Methanogenic archaea are the main producers of the potent greenhouse gas methane^1,2. In the methanogenic pathway from CO₂ and H₂ studied under laboratory conditions, low-potential electrons for CO₂ reduction are generated by a flavin-based electron-bifurcation reaction catalysed by heterodisulfide reductase (Hdr) complexed with the associated [NiFe]-hydrogenase (Mvh)^3-5. F₄₂₀-reducing [NiFe]-hydrogenase (Frh) provides electrons to the methanogenic pathway through the electron carrier F₄₂₀ (ref. ⁶).

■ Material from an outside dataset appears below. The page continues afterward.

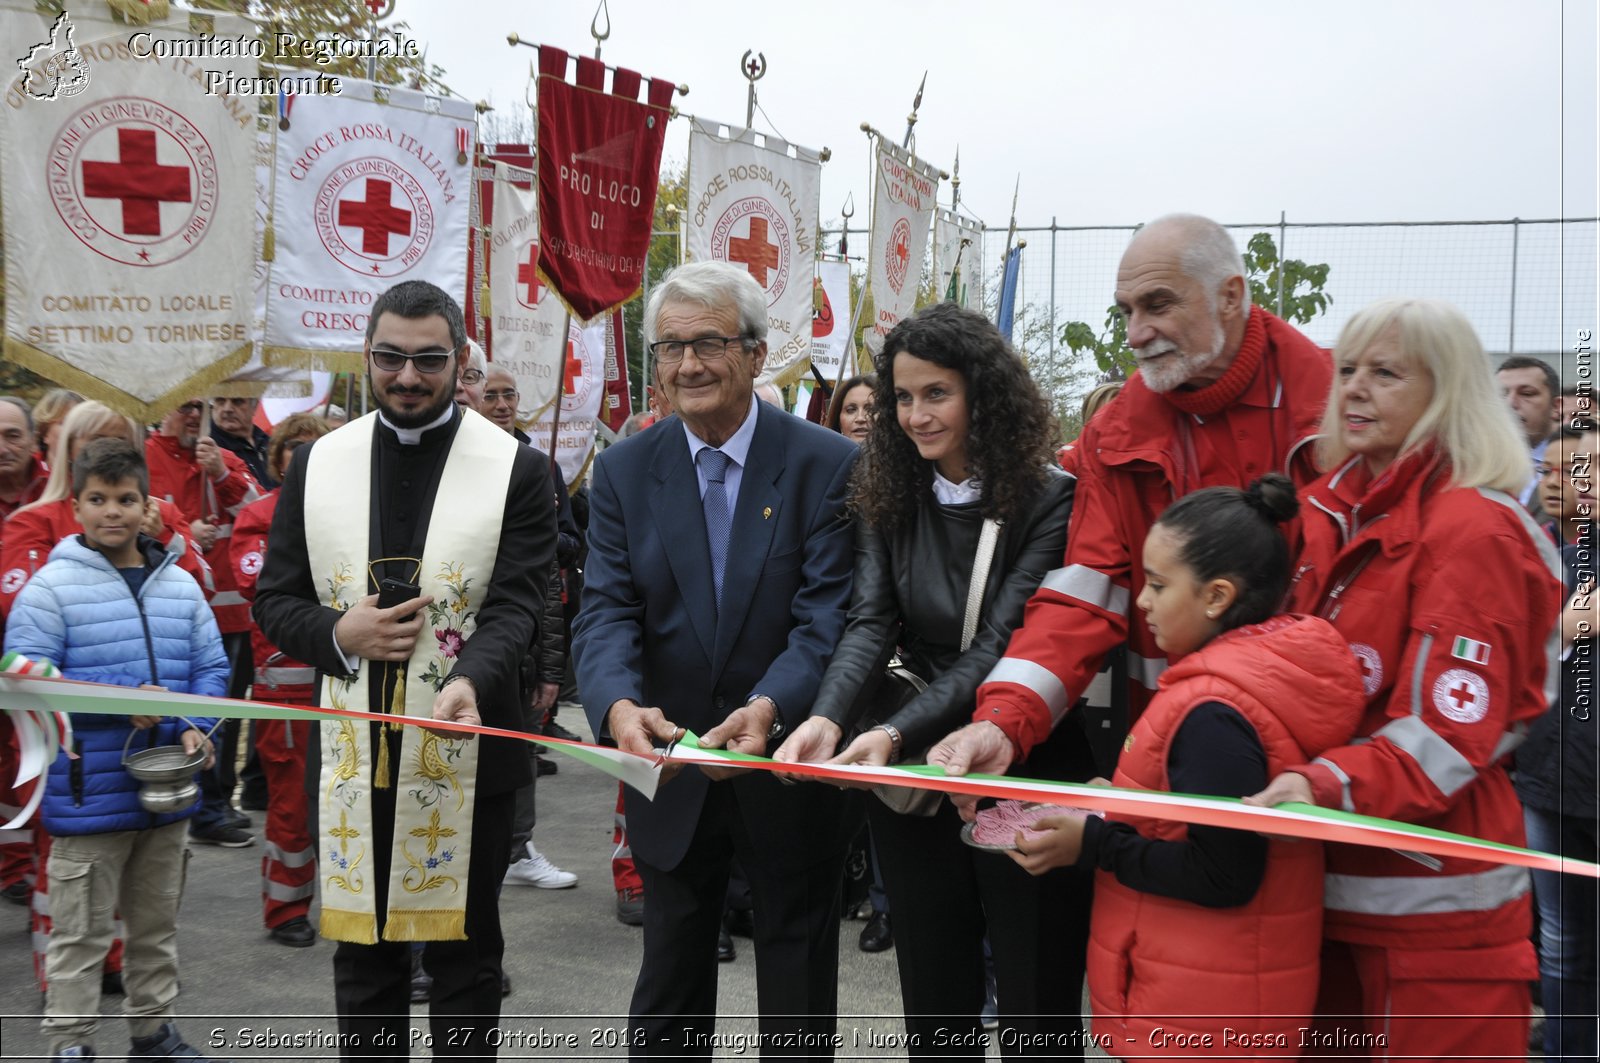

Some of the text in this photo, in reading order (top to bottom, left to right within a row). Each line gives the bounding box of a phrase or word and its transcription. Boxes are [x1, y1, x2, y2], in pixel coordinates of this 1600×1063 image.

Here we report that under strictly nickel-limited conditions, in which the nickel concentration is similar to those often observed in natural habitats^7-11, the production of both [NiFe]-hydrogenases in Methanothermobacter marburgensis is strongly downregulated. The Frh reaction is substituted by a coupled reaction with [Fe]-hydrogenase (Hmd), and the role of Mvh is taken over by F₄₂₀-dependent electron-donating proteins (Elp). Thus, Hmd provides all electrons for the reducing metabolism under these nickel-limited conditions. Biochemical and structural characterization of Elp-Hdr complexes confirms the electronic interaction between Elp and Hdr. The conservation of the genes encoding Elp and Hmd in CO₂-reducing hydrogenotrophic methanogens suggests that the Hmd system is an alternative pathway for electron flow in CO₂-reducing hydrogenotrophic methanogens under nickel-limited conditions.

Fig. 1. Proteomic analysis of M.marburgensis cells under limiting conditions.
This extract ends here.